時期 1月 2月 3月 4月 5月 6月 7月 8月 9月 10月 11月 12月
植え替え
肥料

コーヒーの木の栽培環境

日当たり・置き場所

屋外

生長したコーヒーの木は耐陰性が弱いため、暖かい季節は出来るだけ屋外の日当たりの良い場所で育てるようにします。午前中直射日光の当たる場所か寒冷紗などで弱めの遮光をした風通しの良い場所に置きましょう。葉焼けをするようであれば遮光率を高くします。

室内

生長したコーヒーの木は耐陰性が弱いため通年室内で育てるのは難しいです。室内で育てるのは気温が低い冬だけにし、それ以外は屋外で育てるようにしましょう。もしくは週の2~3日ほどコーヒーの木を外に出して日光浴をさせます。

コーヒーの木の幼木はある程度の耐陰性があるため通年室内でも大丈夫ですが、明るい窓辺など出来るだけ日当たりの良い場所で管理するようにしましょう。

また、コーヒーの木にエアコンの風などが直接当たってしまうと枯れてしまうことがあるため、エアコンの風が当たらない風通しと日当たりの良い場所に置きましょう。

温度

コーヒーの木は寒さに弱いため、冬越しに注意しましょう。

用土

コーヒーの木は水はけの悪い土を使ってしまうと根腐れを起こしてしまう可能性があります。市販の観葉植物用の土がおすすめです。自分でブレンドする場合は、観葉植物用の土4:赤玉土1:鹿沼土1の割合でブレンドし、生育環境に合わせて微調整してください。

また、土の表面を赤玉土や鹿沼土、化粧砂などの無機質の用土で覆うことでコバエの発生を防ぐことが出来ます。

コーヒーの木の育て方のポイント

日常の管理

枯葉や傷んだ葉を取り除いて下さい。また、葉裏などにハダニやカイガラムシが付いていないか確認してください。

水やり

コーヒーの木が生長している間は土の表面が乾燥したら、鉢底から水が流れ出る位たっぷりと水やりをするようにします。気温が低い冬など、コーヒーの木の生長が止まったら水やりを控え、一週間に12回程度水やりをするようにしましょう。

コーヒーの木の幼木は水切れに弱いため、暑い時期や室内が乾燥しており土の渇きが早いときは受け皿などを用いて腰水管理をすると良いでしょう。腰水で管理する場合は蒸れを防ぐため風通しが悪くならないよう注意します。

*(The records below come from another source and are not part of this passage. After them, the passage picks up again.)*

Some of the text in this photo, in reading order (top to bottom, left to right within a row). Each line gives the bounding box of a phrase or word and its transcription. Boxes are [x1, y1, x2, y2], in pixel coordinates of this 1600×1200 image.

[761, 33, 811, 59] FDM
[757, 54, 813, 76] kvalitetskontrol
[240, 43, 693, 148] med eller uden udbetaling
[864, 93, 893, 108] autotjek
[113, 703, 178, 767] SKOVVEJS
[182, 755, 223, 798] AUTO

また、葉水を定期的に行うことでハダニなどの発生を予防することができます。葉水をする時はコーヒーの木の葉裏にもしっかりと水をかけましょう。

肥料

コーヒーの木は冬場の生長が緩慢になるときに肥料を与えてしまうと肥料焼けをする可能性があるので、春~秋の生長期に与えるようにします。

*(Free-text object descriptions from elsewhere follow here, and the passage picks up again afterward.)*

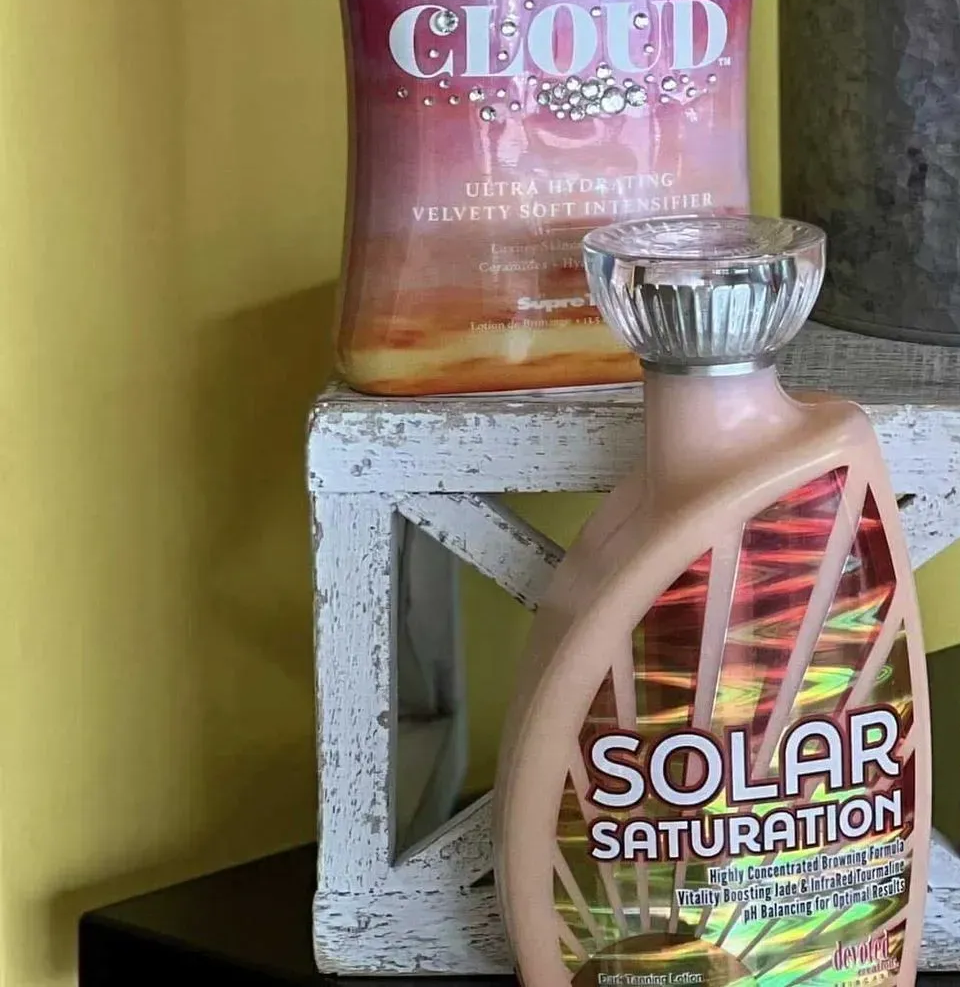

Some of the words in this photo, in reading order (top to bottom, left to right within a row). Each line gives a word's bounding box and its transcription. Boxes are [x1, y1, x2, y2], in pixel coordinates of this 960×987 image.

[466, 181, 538, 198] ULTRA
[550, 172, 674, 196] HYDRATING
[412, 205, 511, 222] VELVETY
[520, 202, 576, 219] SOFT
[585, 192, 714, 215] INTENSIFIER
[517, 297, 585, 312] Supre
[588, 708, 901, 809] SOLAR
[590, 789, 902, 861] SATURATION
[678, 888, 719, 906] Vitality
[724, 882, 771, 903] Boosting
[774, 880, 797, 897] Jade
[800, 879, 807, 893] &
[811, 871, 853, 891] InfraRed
[856, 860, 904, 883] Tourmaline
[710, 867, 743, 885] Highly
[748, 859, 819, 880] Concentrated
[822, 851, 867, 870] Browning
[870, 840, 904, 860] Formula
[744, 905, 757, 923] pH
[761, 898, 812, 919] Balancing
[815, 894, 829, 911] for
[833, 887, 870, 908] Optimal
[872, 879, 905, 897] Results
[832, 929, 889, 971] devoted
[669, 972, 703, 984] Lotion

肥料は適切な濃度に希釈した液肥を10日に1回与えるか、緩効性の置き肥を与えてください。有機肥料ではなく、化成肥料を使うことでコバエの発生を予防することができます。

病害虫

コーヒーの木はハダニアブラムシカイガラムシ、に注意しましょう。特に屋外では害虫の被害に遭いやすいのでよく観察することが大切です。

コーヒーの木の詳しい育て方

選び方

コーヒーの木を選ぶときは幹がしっかりしていて、葉の色つやが良いものを選びましょう。また、病害虫が発生していないかもチェックします。

種まき

コーヒーの木のタネを入手したら3月~5月に赤玉土やピートモス、種まき用の土にまきます。そのまま乾燥しないように水をやってください。

植え付け

コーヒーの木の植え付けは5月~9月の暖かい時期に行うのがおすすめです。 7月以降に植え付けを行う場合は猛暑日は避けるようにします。

剪定・切り戻し

コーヒーの木は葉が茂り風通しが悪くなってきたら余分な枝を剪定します。暖かい室内であれば通年可能です。

植え替え・鉢替え

コーヒーの木は乾燥に強いので、水はけの良い土を使います。水はけの悪い土を使ってしまうとコバエが発生したり、根腐れを起こす原因となるので、出来るだけ水はけの良い土を使うのがおすすめです。今回は観葉植物の土2に赤玉土1、鹿沼土1を混ぜたものを使用します。

コーヒーの木の植え替え用の土

まず、観葉植物の土を用意します。量は大体で構いません。

コーヒーの木の植え替え用の土

次に赤玉土を加えます。観葉植物の土の半分程度の量を入れます。

コーヒーの木の植え替え用の土

最後に、鹿沼土を赤玉土と同じ量入れます。

コーヒーの木の植え替え用の土

よく混ぜ合わせ、水はけが良すぎるかなと感じたら観葉植物の土を追加します。

コーヒーの木 植え替え

今まで使ってきた鉢よりも一回り大きい鉢を用意します。一回り以上大きい鉢を使ってしまうと、土の乾燥が遅くなり根腐れの原因となる場合があるので、必ず一回り大きいサイズにしてください。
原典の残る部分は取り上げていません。